**Problem description**
Excluding images, repeat the data exactly as given.

[Referring expression grounding data]
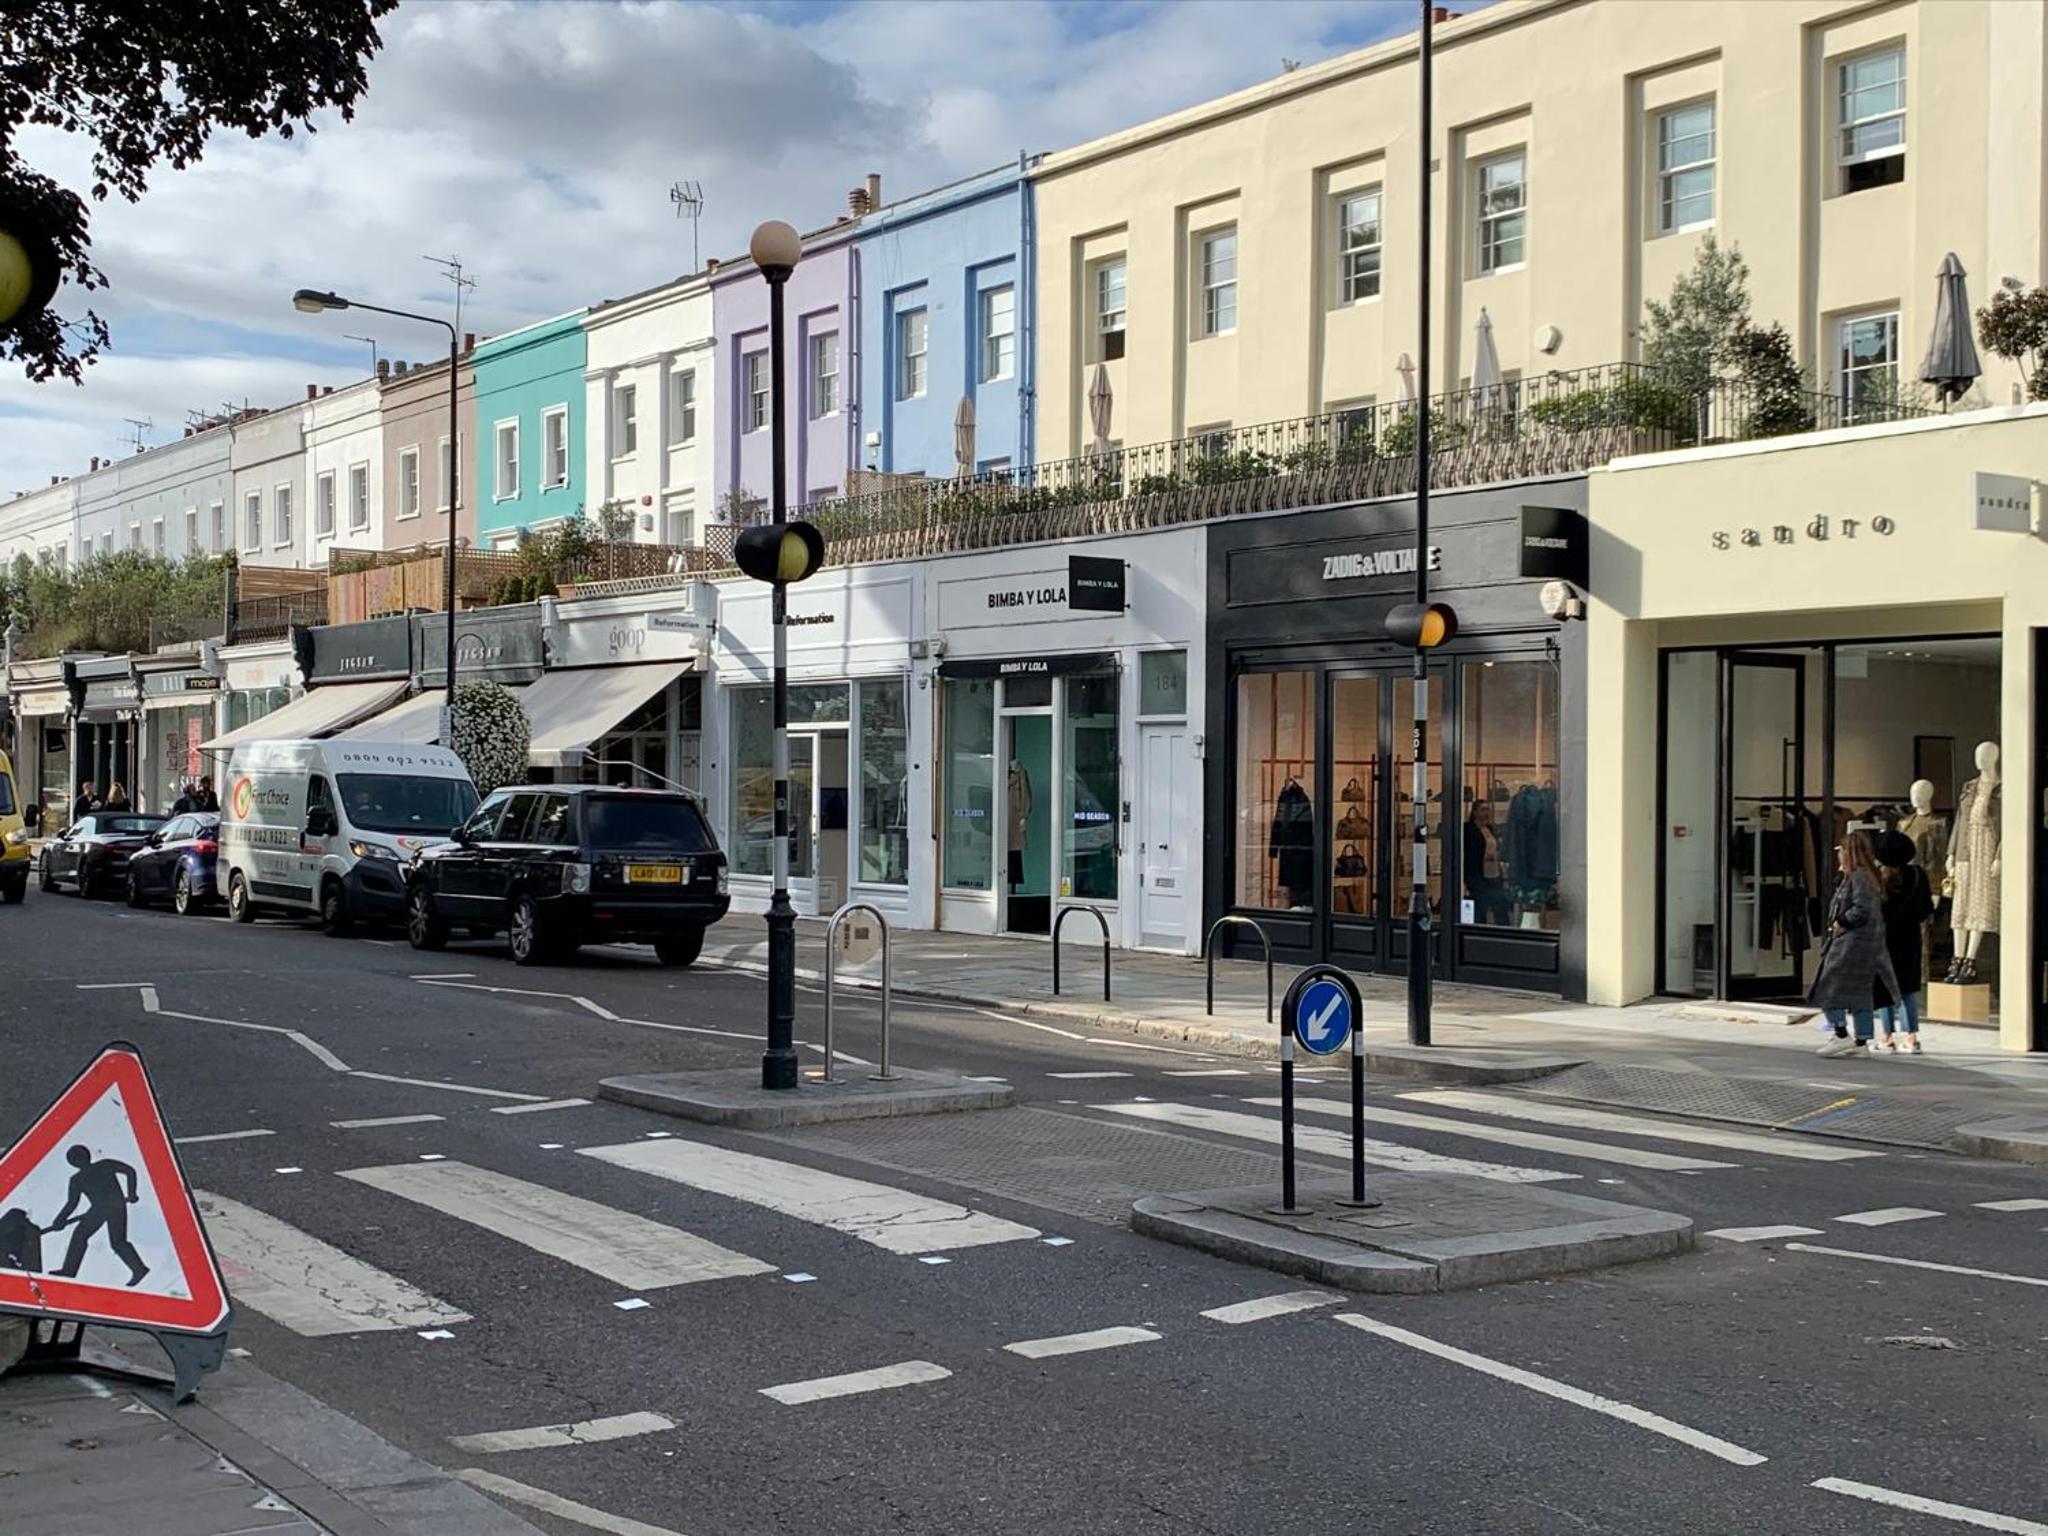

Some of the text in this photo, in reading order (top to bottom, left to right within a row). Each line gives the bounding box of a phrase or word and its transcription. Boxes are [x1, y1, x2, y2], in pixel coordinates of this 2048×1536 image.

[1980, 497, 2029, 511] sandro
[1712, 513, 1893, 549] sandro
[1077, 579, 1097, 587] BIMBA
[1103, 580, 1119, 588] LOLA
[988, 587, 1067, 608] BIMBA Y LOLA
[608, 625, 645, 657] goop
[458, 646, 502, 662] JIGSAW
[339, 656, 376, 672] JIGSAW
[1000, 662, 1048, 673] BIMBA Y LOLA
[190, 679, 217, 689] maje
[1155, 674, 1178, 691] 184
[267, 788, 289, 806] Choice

**The answer**
Some of the text in this photo, in reading order (top to bottom, left to right within a row). Each line gives the bounding box of a phrase or word and its transcription. Boxes are [x1, y1, x2, y2], in pixel coordinates of this 2048×1536 image.

[1980, 497, 2029, 511] sandro
[1712, 513, 1893, 549] sandro
[1077, 579, 1097, 587] BIMBA
[1103, 580, 1119, 588] LOLA
[988, 587, 1067, 608] BIMBA Y LOLA
[608, 625, 645, 657] goop
[458, 646, 502, 662] JIGSAW
[339, 656, 376, 672] JIGSAW
[1000, 662, 1048, 673] BIMBA Y LOLA
[190, 679, 217, 689] maje
[1155, 674, 1178, 691] 184
[267, 788, 289, 806] Choice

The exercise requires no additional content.